Meeting between Assange and his legal advisor Geoffrey Robertson illegally spied on by UC Global
September 30. Central Criminal Court, London.
Today will be remembered as a grand expose. It was a direct, pointed accusation at the intentions of the US imperium which long for the scalp of the WikiLeaks founder Julian Assange. For WikiLeaks, it was a smouldering triumph, showing that the entire mission against Assange, from the start, has been a political one. The Australian publisher faces the incalculably dangerous prospect of 17 charges under the US Espionage Act and one under the Computer Fraud and Abuse Act. Stripped to its elements, the indictment is merely violence kitted out in the vestment of sham legality. The rest is politics.
Witness statements were read from a veritable who’s who of courageous investigative journalism (Patrick Cockburn, Andy Worthington, Stefania Maurizi and Ian Cobain) and an assortment of legal freight from Guy Goodwin-Gill, professor of law at the University of New South Wales, Robert Boyle, well versed in the dark practices of grand juries and Jameel Jaffer of the Knight First Amendment Institute at Columbia University.

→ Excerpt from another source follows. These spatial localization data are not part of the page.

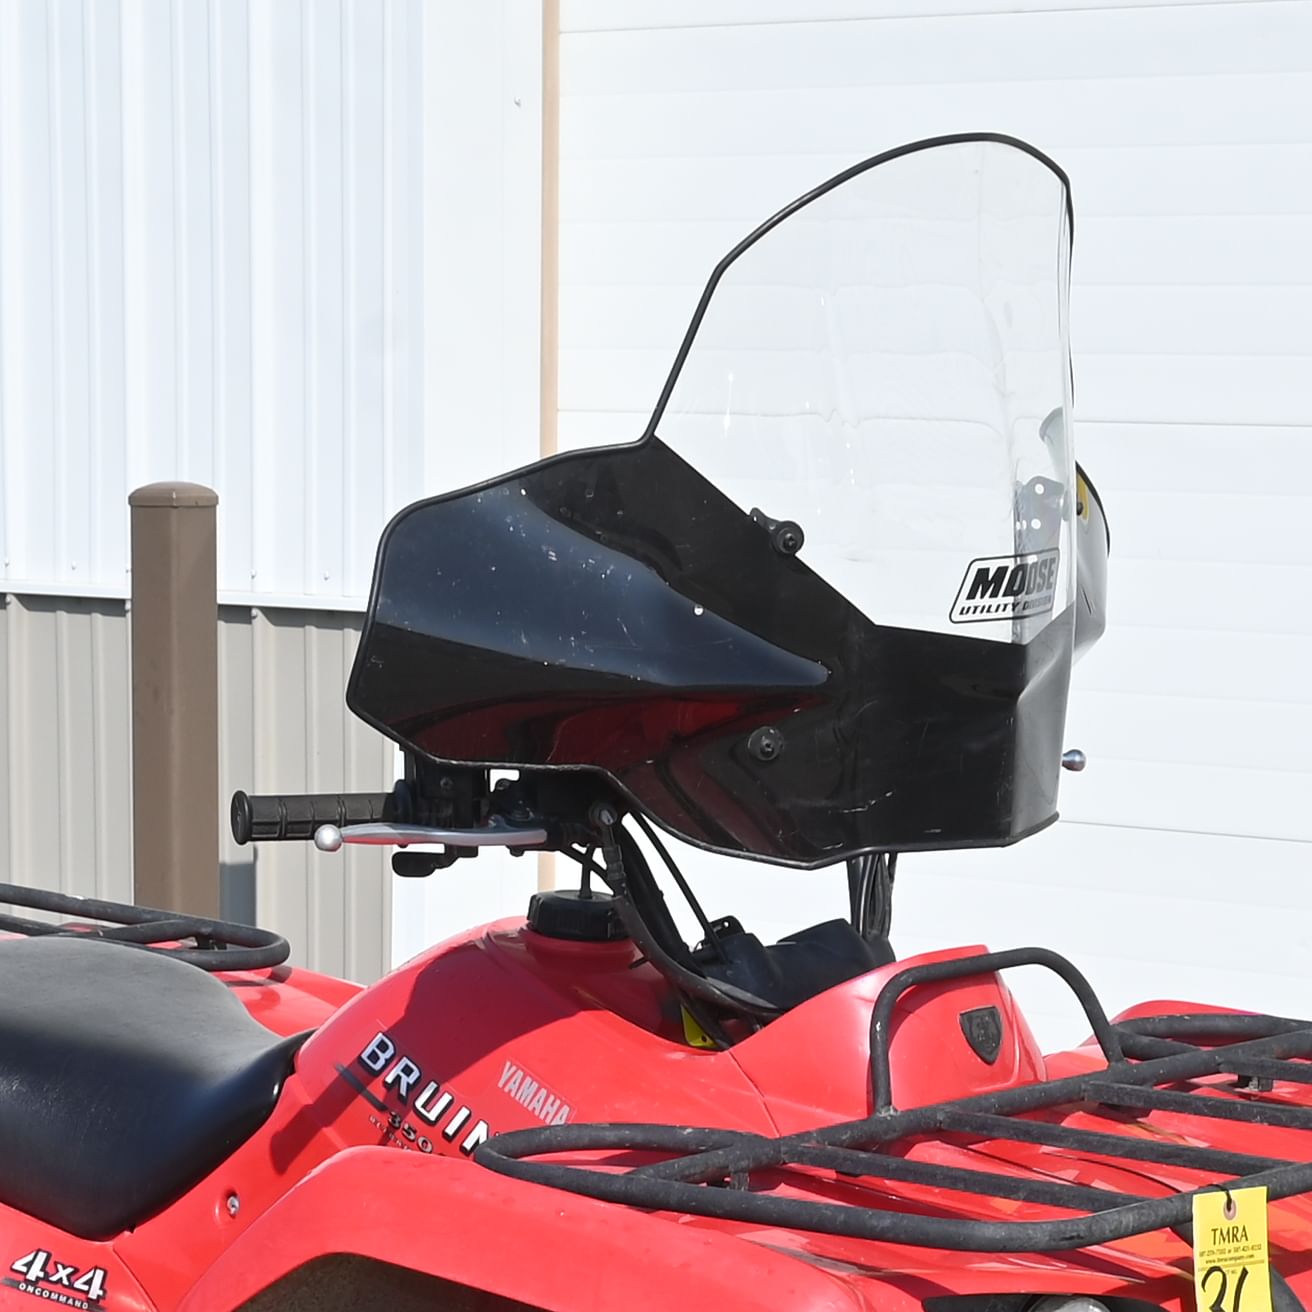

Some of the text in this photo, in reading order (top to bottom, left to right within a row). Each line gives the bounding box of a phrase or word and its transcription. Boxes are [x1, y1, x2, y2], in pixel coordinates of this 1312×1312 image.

[966, 557, 1057, 601] MOOSE
[959, 602, 1021, 616] UTILITY
[497, 1060, 572, 1126] YAMAHA
[387, 1111, 433, 1154] 350
[1210, 1224, 1249, 1246] TMRA
[10, 1248, 108, 1304] 4x4
[18, 1282, 89, 1310] ONCOMMAND
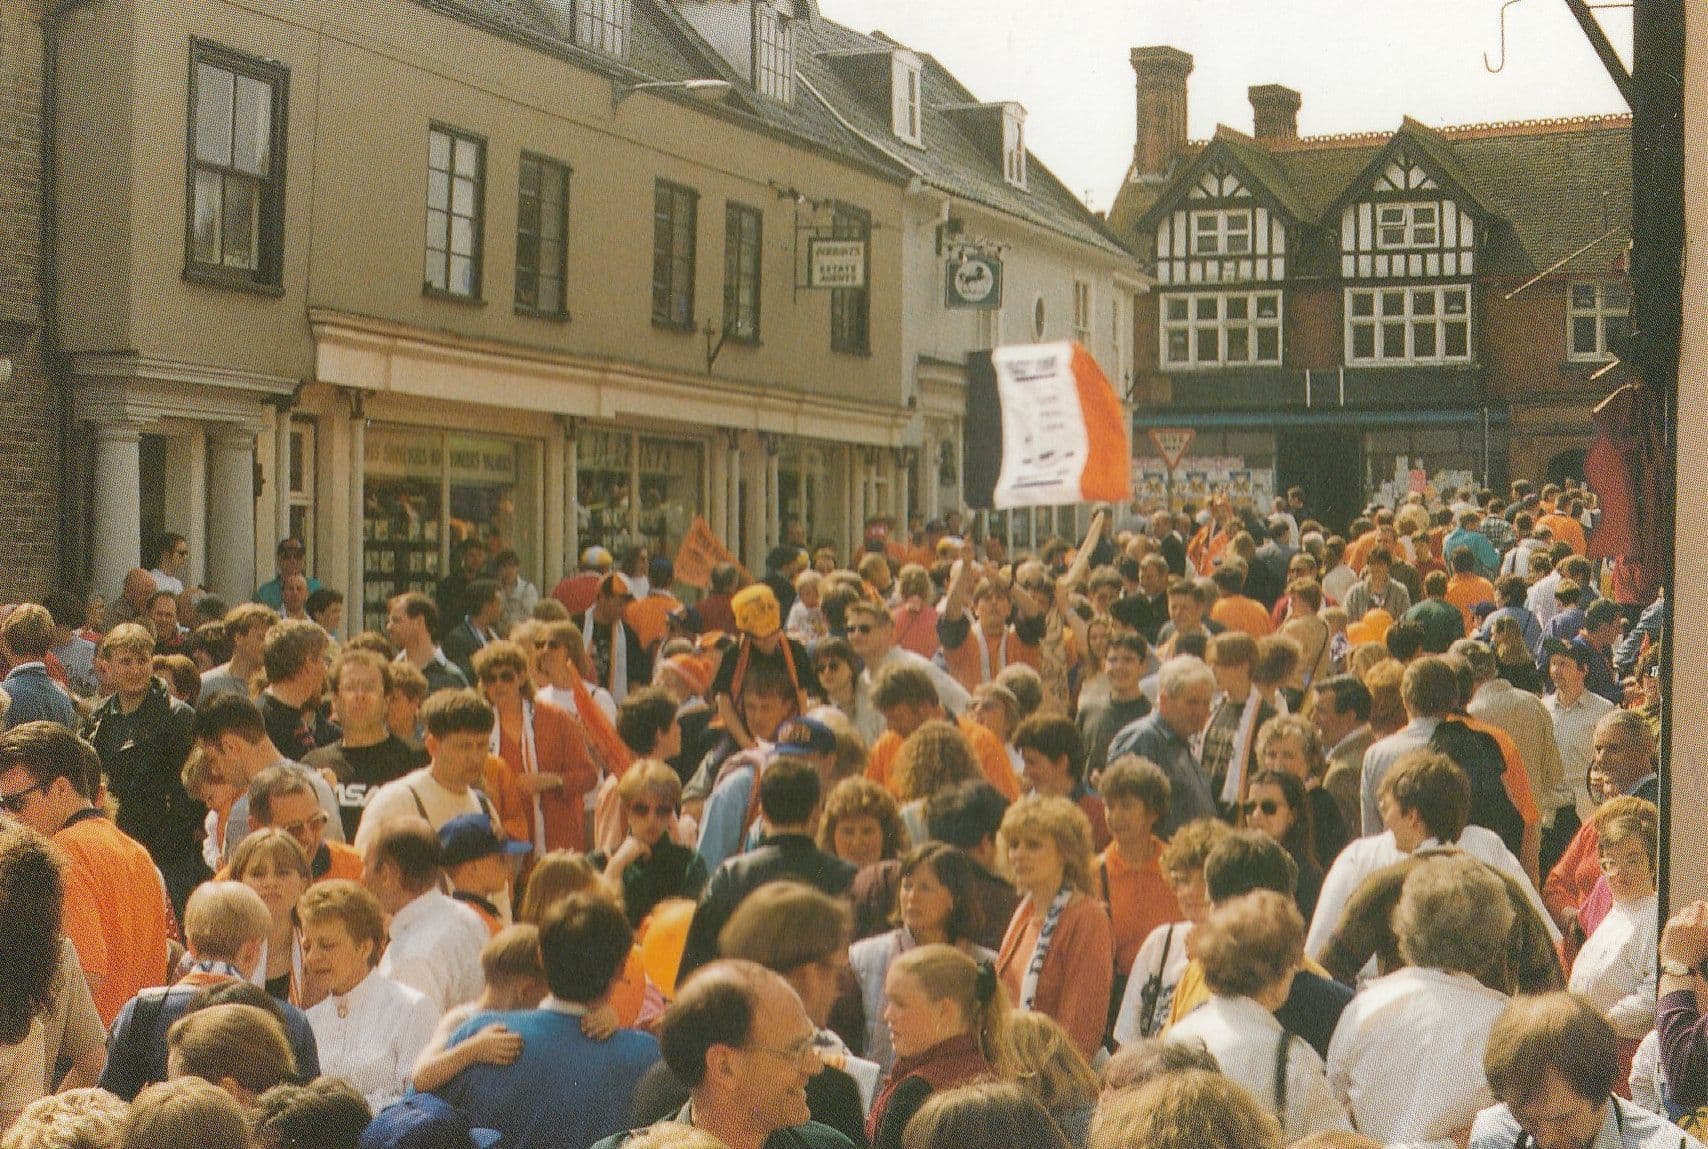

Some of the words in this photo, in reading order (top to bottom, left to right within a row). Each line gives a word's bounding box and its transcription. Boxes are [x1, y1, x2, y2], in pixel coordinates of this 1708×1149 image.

[820, 265, 857, 274] ESTATE
[820, 274, 857, 282] AGENTS
[1160, 433, 1184, 442] GIVE

These statements, pointing to the value of the WikiLeaks publications, the care taken in releasing them, and the terrifying prospects for press freedom, deserve separate treatment. But Wednesday’s grand show was stolen by two anonymous witnesses, occasioned by a change of plans. Originally scheduled for Thursday, testimony of the witnesses from the Spanish security firm UC Global S.L. were moved a day forward. Both speak to the aims and ambitions of the company’ owner and director, David Morales, who passed information on Assange and his meetings with allies and associates to the US intelligence service while the Australian was resident in the Ecuadorean Embassy in London. Judge Vanessa Baraitser had relented on the issue of keeping their anonymity: to have not observed the convention would have been a mark of disrespect for the Spanish court.
Their material is part of a current investigation into Morales being conducted by a magistrate of the Audiencia Nacional court. That process was instigated at the behest of Assange’s legal team, whose filed criminal complaint alleges breaches of privacy and the violation of attorney-client privilege, amongst other charges.

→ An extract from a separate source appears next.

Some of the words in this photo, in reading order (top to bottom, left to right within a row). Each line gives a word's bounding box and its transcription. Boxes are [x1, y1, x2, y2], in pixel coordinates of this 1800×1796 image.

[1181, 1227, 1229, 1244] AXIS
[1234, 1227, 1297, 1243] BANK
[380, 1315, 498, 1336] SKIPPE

Illegal agreements are born
Witness #1 informed the court of a man determined: Morales “showed at times a real obsession in relation to monitoring and recording the lawyers who met with the ‘guest’ (Julian Assange) because ‘our American friends’ were requesting it.”
The first witness added stitching to the account linking the UC Global with US intelligence. In July 2016, with UC Global already contracted and providing security services to the Ecuadorean embassy, Morales “travelled to a security sector trade fair in Las Vegas, which I wished to accompany him”. This would not be. Morales “insisted he had to travel alone. On this trip, Mr Morales showcased the company UC Global in the Las Vegas security sector trade fair.”

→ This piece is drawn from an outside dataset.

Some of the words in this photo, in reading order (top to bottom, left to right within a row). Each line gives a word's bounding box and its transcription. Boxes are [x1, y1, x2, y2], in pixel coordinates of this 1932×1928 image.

What followed was UC Global obtaining “a flashy contract, personally managed by David Morales, with the company Las Vegas Sands, which was owned by the tycoon Sheldon Adelson, whose proximity to Donald Trump is public knowledge (at the time Trump was the presidential candidate).” Morales’s point of contact at Las Vegas Sands was its chief of security, Zohar Lahav. Lahav is also the subject of interest for the Audiencia Nacional, which has asked the US Department of Justice to seek a statement from him. The investigating judge, José de la Mata, is keen to examine details of the Morales-Lahav association and whether their meetings involved discussing information illegally obtained from Assange.
UC Global was hired to provide security services to Queen Miri, the luxury vessel owned by Adelson. “The contract did not make sense,” claimed the witness. Morales seemed to be overegging the pudding. “The most striking thing about it was that he boat had its own security, which consisted of a sophisticated security detail, and that the contract consisted in adding an additional person, in this case David Morales, for a very short period of time, through which David Morales would receive an elevated sum.”
Thrilled at getting the contract, Morales was in celebratory mood, gathering employees in the Jerez company office to say that “we have moved up and from now on we will be playing in the big league”. What did “big league” mean? Morales, replying to the query from the first witness, claimed that “he had switched over to ‘the dark side’ referring to cooperating with US authorities, and as a result of that collaboration, ‘the Americans will get us contracts all over the world’.” In 2017, Morales asked for a secure phone and encrypted computer to communicate with his American contacts.
Along with news of the contract came an uncomfortable revelation: “that we had entered into illegal agreements with US authorities to supply them with sensitive information about Mr Assange and [Ecuadorean President] Rafael Correa, given that UC Global was responsible for the embassy security where Mr Assange was located.” As a result of this parallel agreement, “reports would also be sent to ‘the dark side’.” Morales made regular trips to the US to facilitate this, “principally to New York but also Chicago and Washington” where he would “talk with ‘our American friends’.” The first witness pressed Morales at points who these “‘American friends’ were”. “US intelligence,” came the reply.